Here are a few of the highlights:
No more than a handful of voters are well-versed on the details and nuances of the Taxpayer's Bill of Rights and the state budget process. The rest derive their impressions from activists on each side, fair and unfair "news" stories, opinion commentaries, and 30-second radio and TV spots.
While Rosen may be a conservative, he does do excellent, if partisan, analysis:
While C and D opponents are correct in saying that overall state spending has not gone down in any year because of TABOR, it's also true that inflation-adjusted per capita spending is, in fact, down from prior years in some areas. And while C and D advocates are correct in saying that there will be no increase in statutory tax rates, there will be an increase in effective tax rates under their proposal. Your effective tax rate is what you pay net of your TABOR refund. If the state keeps your TABOR refund and spends it on government programs, your effective tax rate will necessarily be higher...Bottom line: C and D constitute a tax increase.
Colorado's fiscal problems were compounded by Amendment 23, which put K-12 spending on autopilot, regardless of overall revenue shortfalls. That contributed to the squeeze in other areas like roads, transportation and building maintenance. This was good for the teachers unions that contrived Amendment 23, but bad for everyone else.
So Mike Rosen throws out a compromise, mired in the memory of the 100/100 plan that the GOP controlled legislature tried to put out before 2004:
So I'm willing to compromise something I like - TABOR - in exchange for which I expect Democrats to compromise something they like - Amendment 23. Such a deal was offered in 2004 by Gov. Bill Owens and Republican leaders in the state legislature. The 100/100 Plan would have reduced the TABOR refund by $100 million for two consecutive years and also slowed Amendment 23-mandated K-12 spending by the same amount for the same period.

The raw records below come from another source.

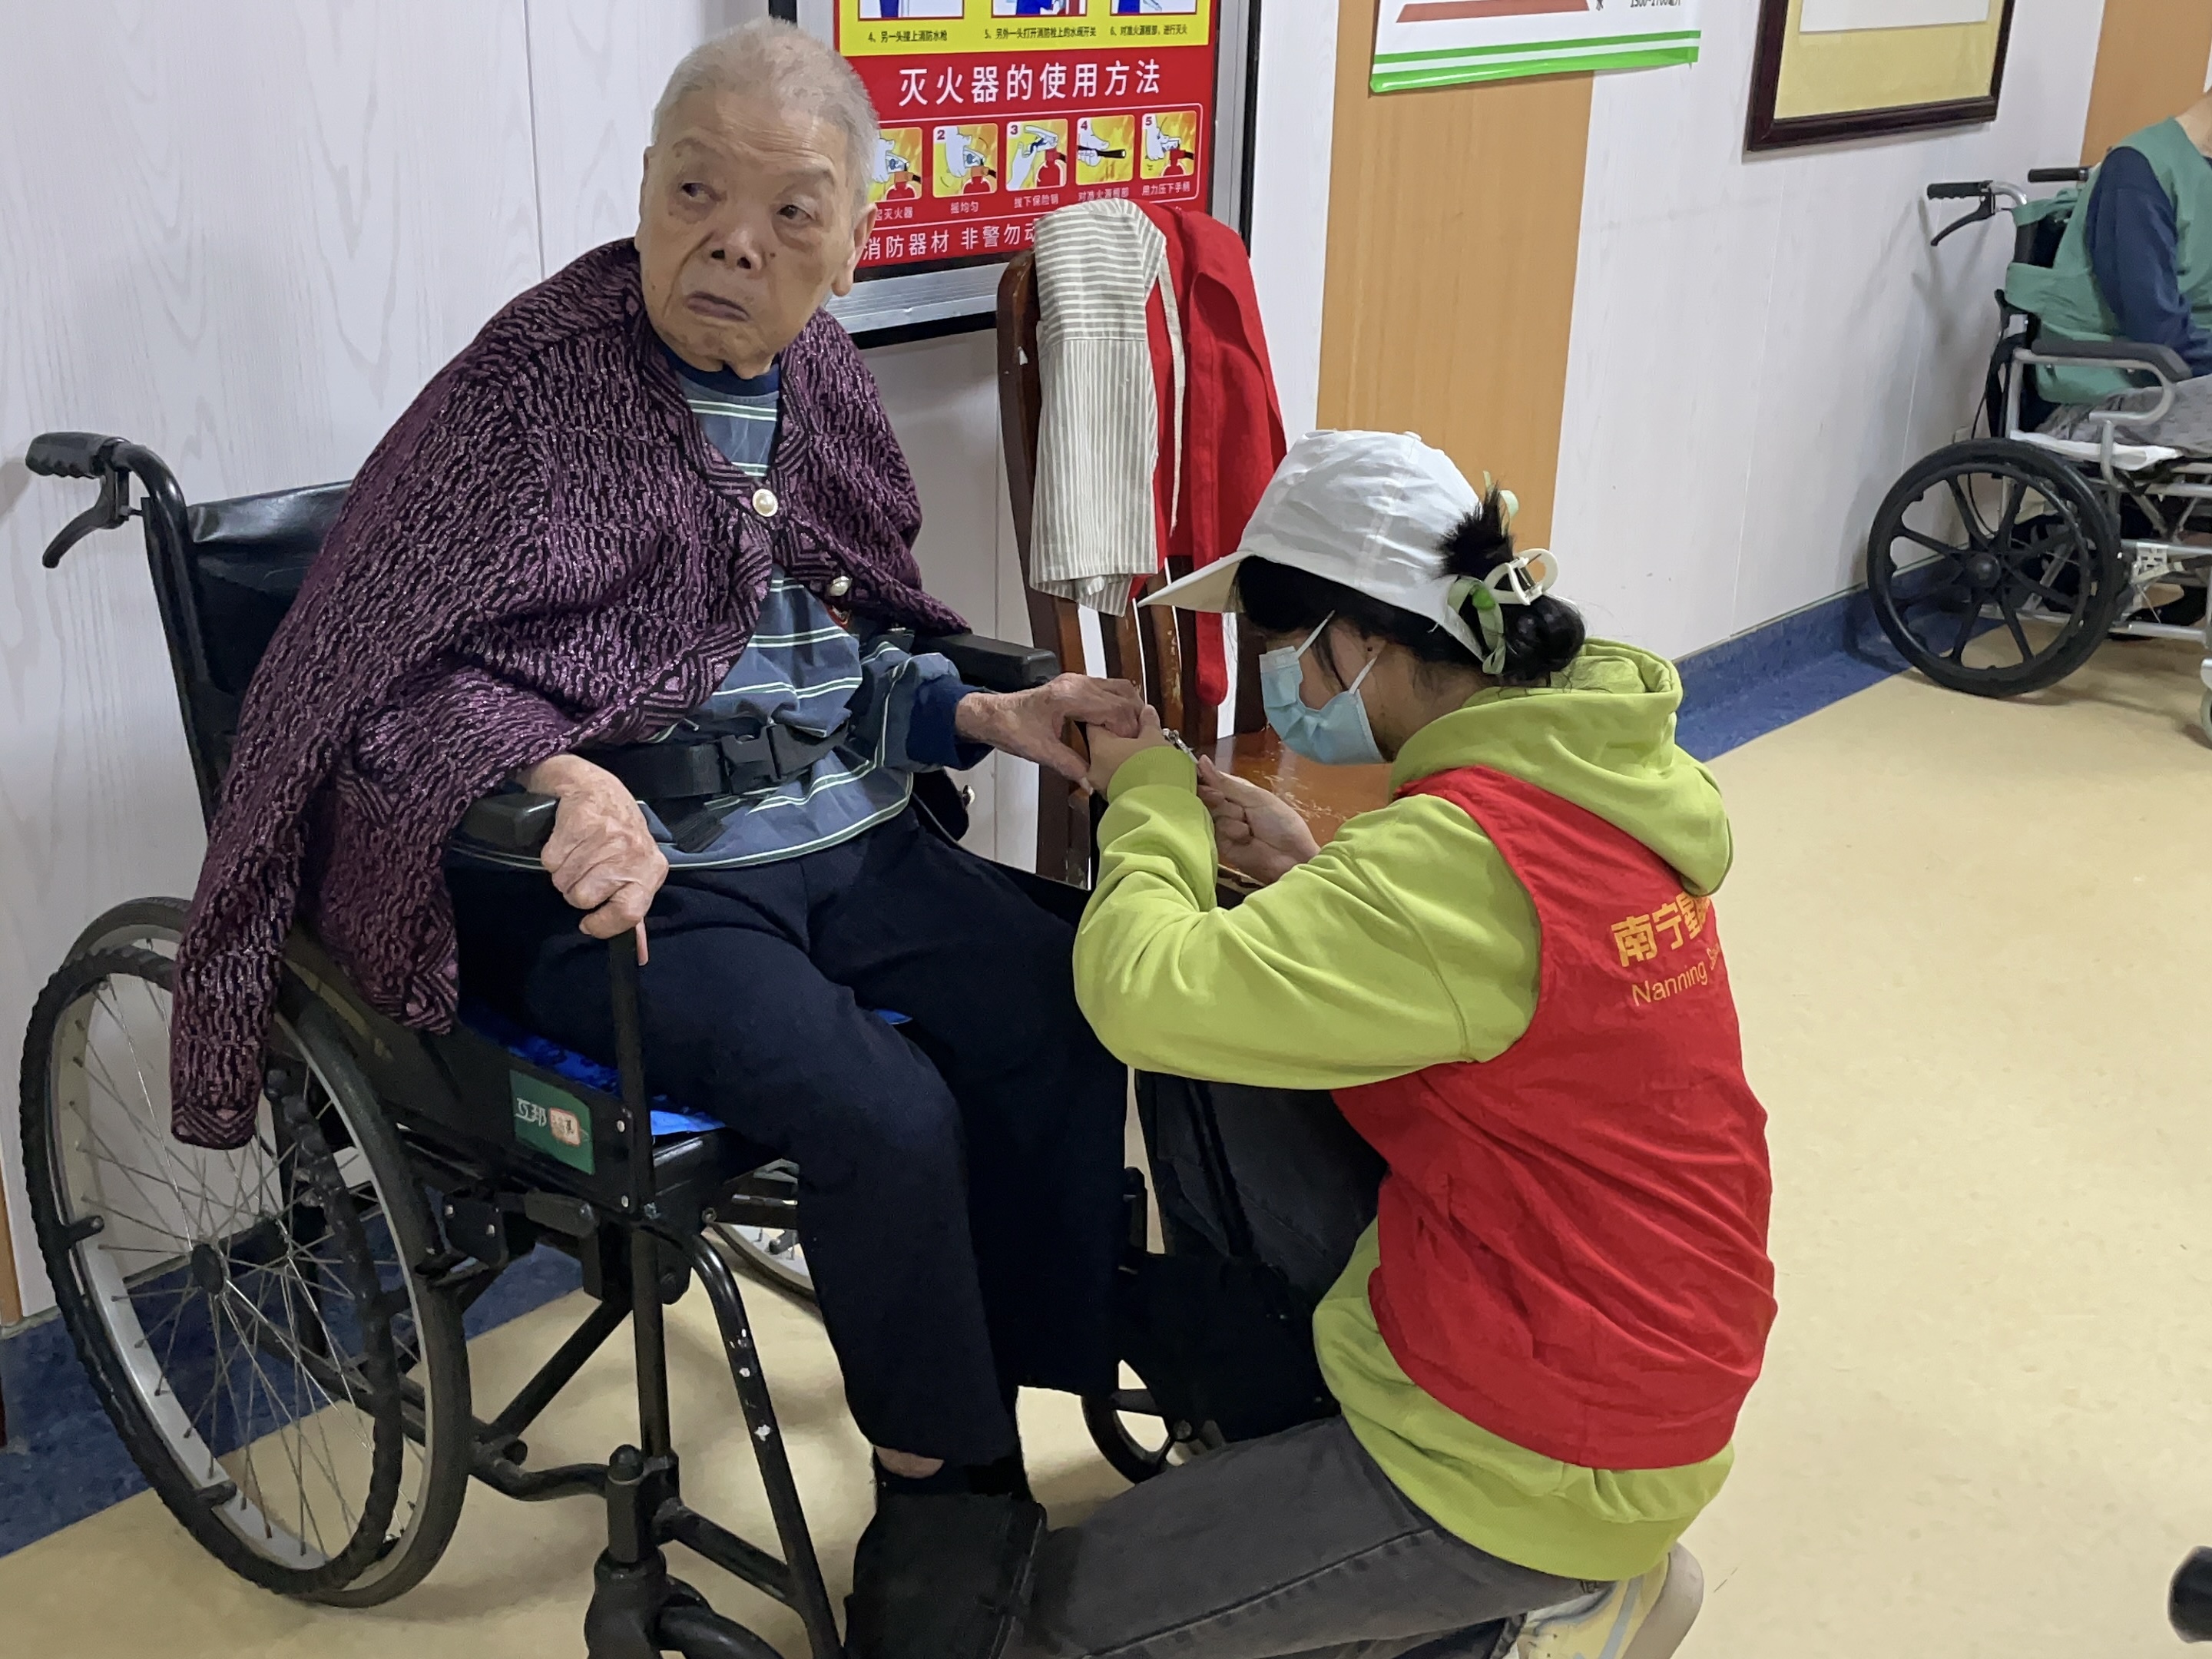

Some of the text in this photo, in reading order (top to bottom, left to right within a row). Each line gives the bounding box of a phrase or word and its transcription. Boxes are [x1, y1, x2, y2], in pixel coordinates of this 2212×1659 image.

[898, 59, 1161, 107] 灭火器的使用方法
[1010, 124, 1018, 135] 3
[1080, 120, 1088, 131] 4
[1145, 116, 1153, 126] 5
[936, 129, 945, 141] 2
[1141, 180, 1190, 197] 用力压下手柄
[950, 200, 979, 214] 摇均匀
[863, 229, 950, 261] 消防器材
[1611, 890, 1710, 968] 南宁星
[1631, 961, 1709, 1007] Nanning
[514, 1098, 547, 1127] 互邦
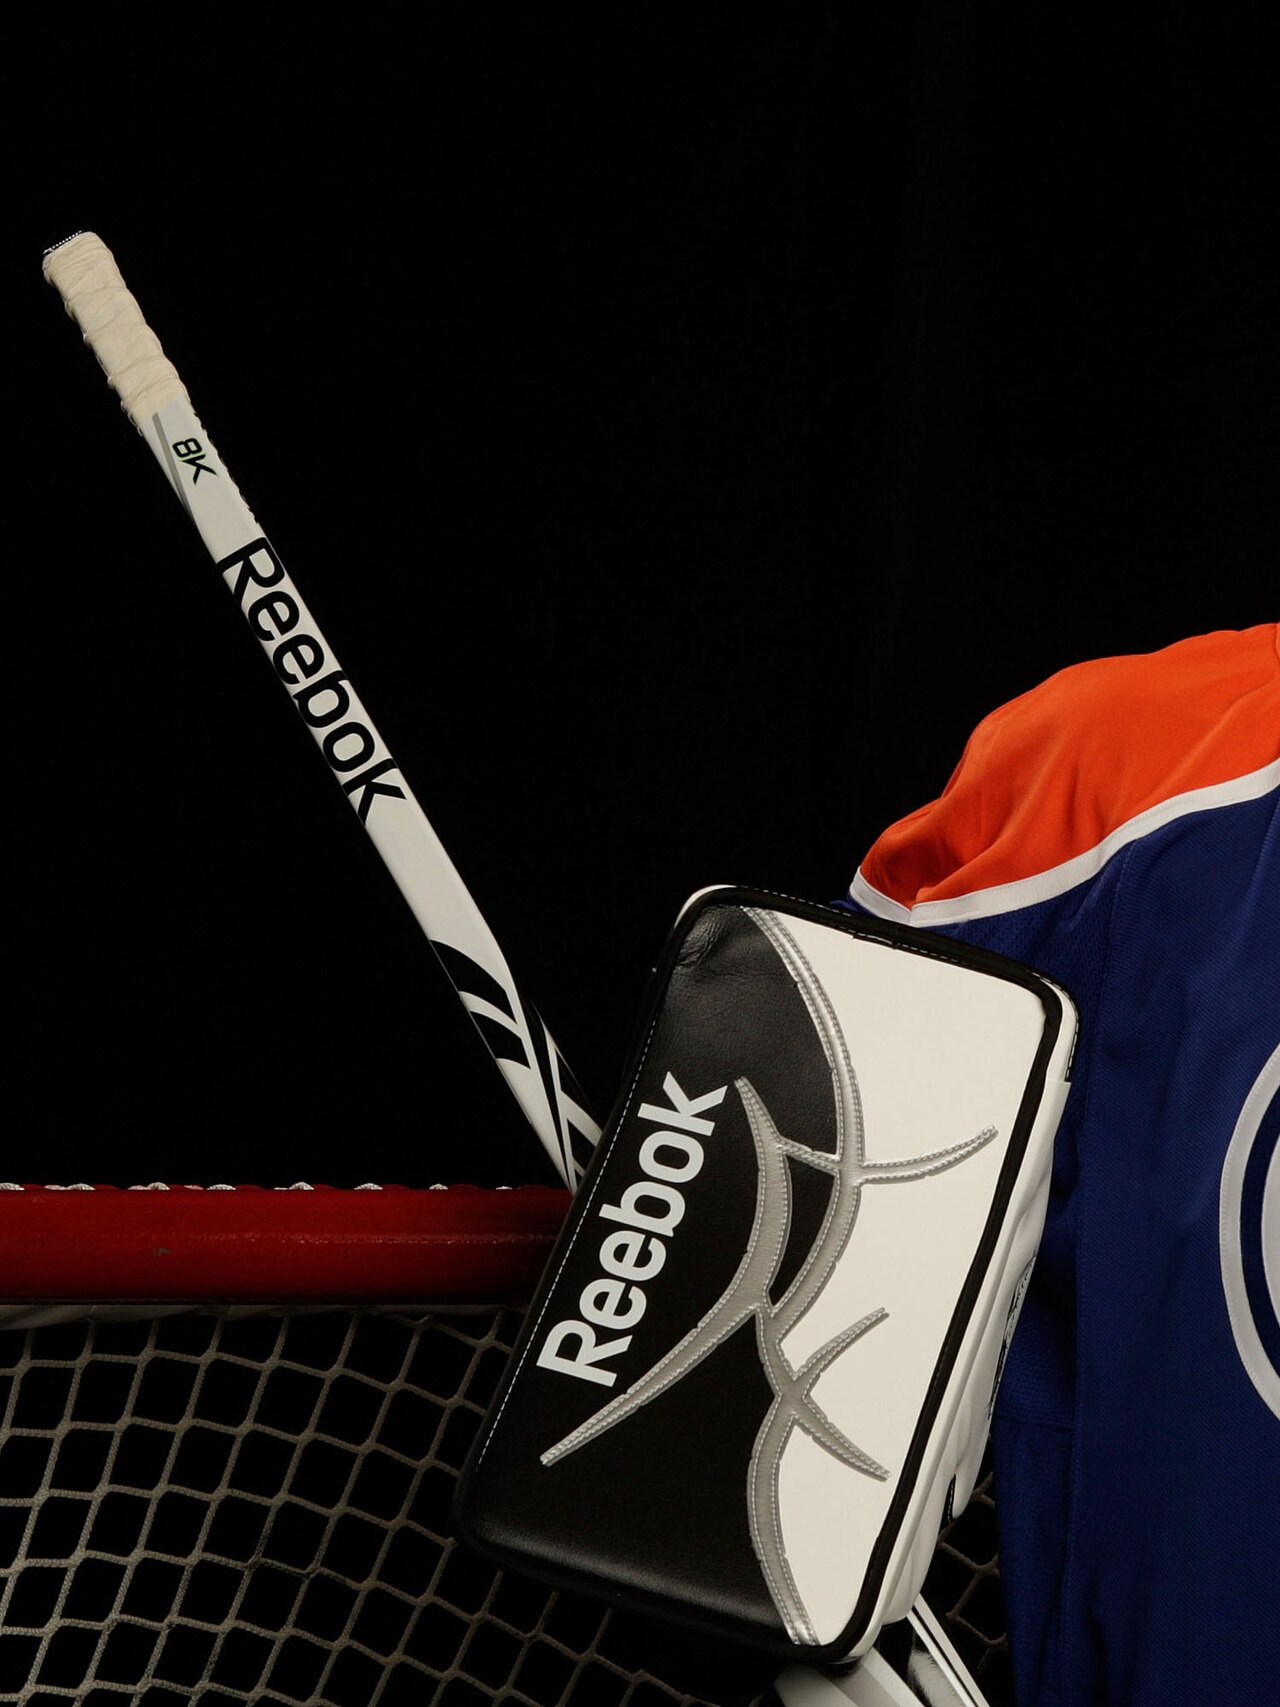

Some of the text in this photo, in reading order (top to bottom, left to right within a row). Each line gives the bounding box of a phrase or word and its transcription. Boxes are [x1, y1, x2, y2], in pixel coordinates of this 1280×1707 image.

[172, 437, 218, 485] 8K
[215, 536, 407, 826] Reebok
[536, 1071, 728, 1387] Reebok

Democrats, in tow to the teachers unions, rebuffed it.
This echoes closely analysis that Mile High Delphi has recently done.
In 2005, after Democrats took control of the state legislature, Owens found himself negotiating from weakness. Since a change in Amendment 23 can only be put to the voters in an even-numbered year, Owens believes C and D is the best deal he can get in 2005 and doesn't want to risk a death blow to TABOR next year if C and D fail.
Many wavering Republicans seem to be echoing Rosen's rational. Shot down C and D and go for a better offer in 2006:
A compromise with $2 billion in additional taxes and spending should be sufficient to meet the state's essential needs. It should also include a rainy-day fund to cover future shortfalls and a reduction in Amendment 23 increases - which can be put to the voters in 2006...In a fair compromise, both sides give. So far, Democrats and liberals haven't given anything. So I'm voting "no" on C and D and relying on reasonable Democrats in the state legislature to roll up their sleeves and cooperate in forging a more sensible compromise in the next session.
It may be a little premature, but if C and D go down, I'd re-read this Op Ed. The seeds of C and D's destruction may have been planted in 2003.